The molten steel processing speed of this apparatus is about 4 kg / sec. The slag used was CaO-CaF ₂ system, CaO.
_{-CaF 2 -Al 2 O 3, CaO} -CaF 2 -Al 2 O 3 -S
Although it is an iO ₃ system, in the following examples, 45% CaO-
The case of using the slag of 10% CaF ₂ -45% Al ₂ O ₃ is described.

[Comparative example]

Table 1 shows the experimental results when the slag was not sprayed or irradiated. No. 1 is a case where the molten steel was not refined using a normal lower nozzle. A transfer of molten steel from the tundish to the vacuum chamber was observed to reduce the TO (total oxygen content) by about 50% and the number of inclusions by about 60%.

No. 2 is a case where the molten steel is refined in the vacuum chamber by the lower nozzle Ar gas mixing method. Even without slag, the T.O.
Reduction of O and inclusions is promoted. Further, as the degassing interface area increases due to the refinement of molten steel, the degassing rate also shows a high value of about 90% for [H] and about 30% for [N].

[0016]

[Table 1]

[0017]

[Example 1] Ca was added to molten steel refined by an Ar gas mixing method.
O-CaF ₂ -Al ₂ O ₃ slag experimental results in the case of blowing shown in Table 2. No.3 is 2kg / ton slag, N
o.
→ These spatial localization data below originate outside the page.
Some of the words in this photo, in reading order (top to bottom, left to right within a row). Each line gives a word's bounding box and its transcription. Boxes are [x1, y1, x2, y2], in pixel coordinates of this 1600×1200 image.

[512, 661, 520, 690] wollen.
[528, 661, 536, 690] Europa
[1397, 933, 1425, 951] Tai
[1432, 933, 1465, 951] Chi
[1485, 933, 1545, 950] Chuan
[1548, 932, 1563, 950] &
No. 4 is the case of spraying 5 kg / ton of slag. Compared to the case of the comparative example not using slag, The effect of reducing O and inclusions is improved. Furthermore, [S] is reduced to about 1/2 due to the effect of removing S from the slag. In addition, these effects tend to increase as the slag supply increases.

[0018]

[Table 2]

[0019]

Example 2 Next, Table 3 shows the experimental results in the case where slag is melted by plasma in finely divided molten steel and sprayed. The plasma spraying was performed using a CaO—CaF ₂ —Al ₂ O ₃ system slag and a plasma spraying torch with an output of 500 kw. Since the molten steel to be plasma-irradiated is miniaturized and is present in the space, it cannot be used as a plasma electrode. Therefore, a non-transfer type plasma device equipped with both + and − electrodes in the plasma torch was used. The distance between the tip of the plasma torch and the central axis of the nozzle through which molten steel flows out is 300
mm.

No. 5 is 2 kg of slag in molten steel refined by Ar gas mixing method, and No. 6 is 5 kg of slag.
/ Ton When sprayed. In the case of thermal spraying, the slag is molten and the slag-metal reaction is promoted as compared with the case of simply spraying slag, so the TO and inclusion removal effect is further improved.
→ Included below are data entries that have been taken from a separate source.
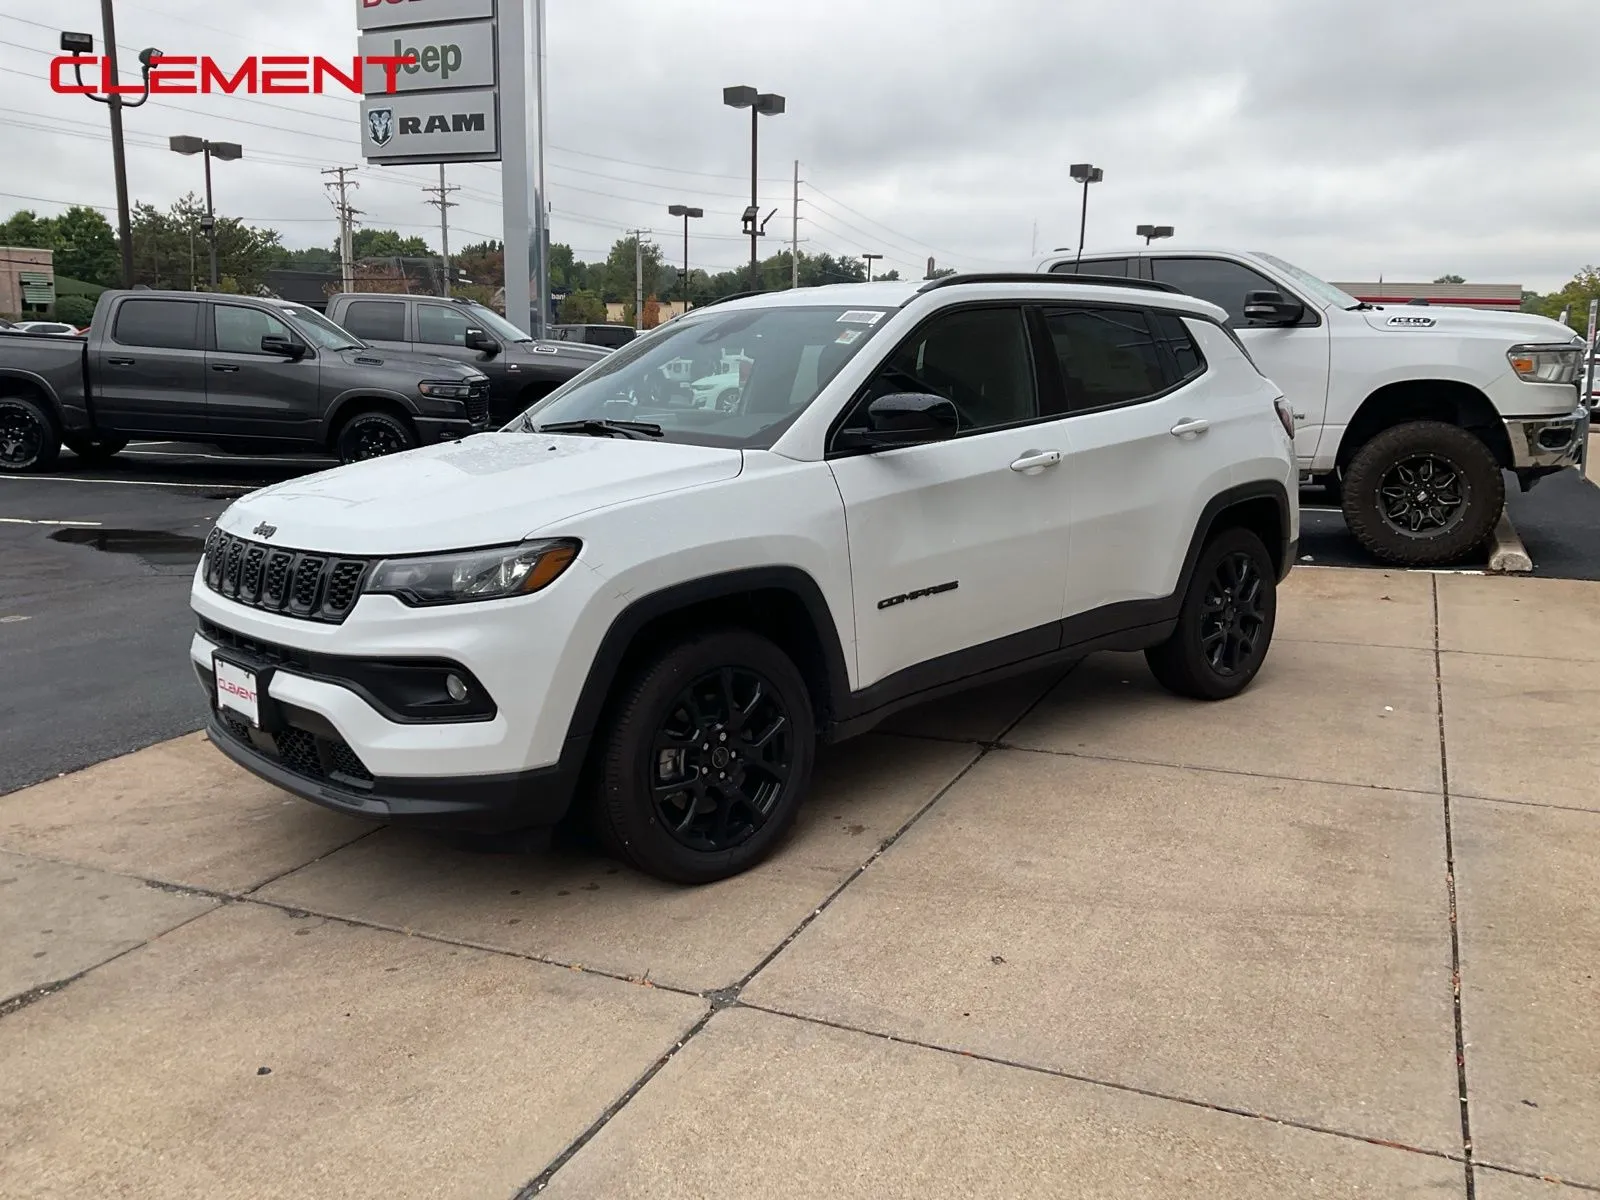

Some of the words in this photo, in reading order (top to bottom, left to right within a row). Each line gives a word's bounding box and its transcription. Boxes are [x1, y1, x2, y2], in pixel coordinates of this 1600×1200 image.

[383, 39, 462, 79] Jeep
[399, 113, 484, 134] RAM
[253, 521, 277, 539] Jeep
[877, 580, 959, 610] COMPASS
[218, 678, 257, 703] CLEMENT
No. 7 is a case where the spiral nozzle method is used for refining molten steel. In this method, since there is no flow of Ar gas around the refined molten steel, the adhesion efficiency between the sprayed slag and the molten steel is improved, and the effect of removing TO and inclusions tends to be slightly increased.

[0022]

[Table 3]

[0023]

According to the present invention, inclusions in molten metal can be removed quickly and effectively, and high-cleanliness metal can be melted.
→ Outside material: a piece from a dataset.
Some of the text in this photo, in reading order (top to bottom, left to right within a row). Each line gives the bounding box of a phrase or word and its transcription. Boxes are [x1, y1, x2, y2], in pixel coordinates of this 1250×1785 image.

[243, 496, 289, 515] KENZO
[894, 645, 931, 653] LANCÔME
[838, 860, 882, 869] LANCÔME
[Brief description of drawings]

FIG. 1 is a vacuum processing apparatus for molten metal used for carrying out the method of the present invention.

FIG. 2 is a diagram showing a nozzle of a type that blows an inert gas to atomize molten steel.

FIG. 3 is a diagram showing a lower nozzle of a type in which a spiral-shaped portion is incorporated to refine molten steel.

FIG. 4 is an enlarged schematic view of a spiral-shaped portion.

[Explanation of symbols]

 1: Ladle 2: Tundish 3: Lower nozzle 4: Slag feeder (also plasma spray torch) 5: Spiral shaped part

Claims (2)

[Claims] 1. In a method of outflowing molten metal into a vacuum chamber for vacuum degassing, the surface of the molten metal having a capability of absorbing inclusions until the finely divided molten metal falls. A method for cleaning molten metal, which comprises spraying slag. 2. The method for cleaning molten metal according to claim 1, wherein when the slag is sprayed on the finely divided molten metal, plasma is used to bring the slag into a molten state.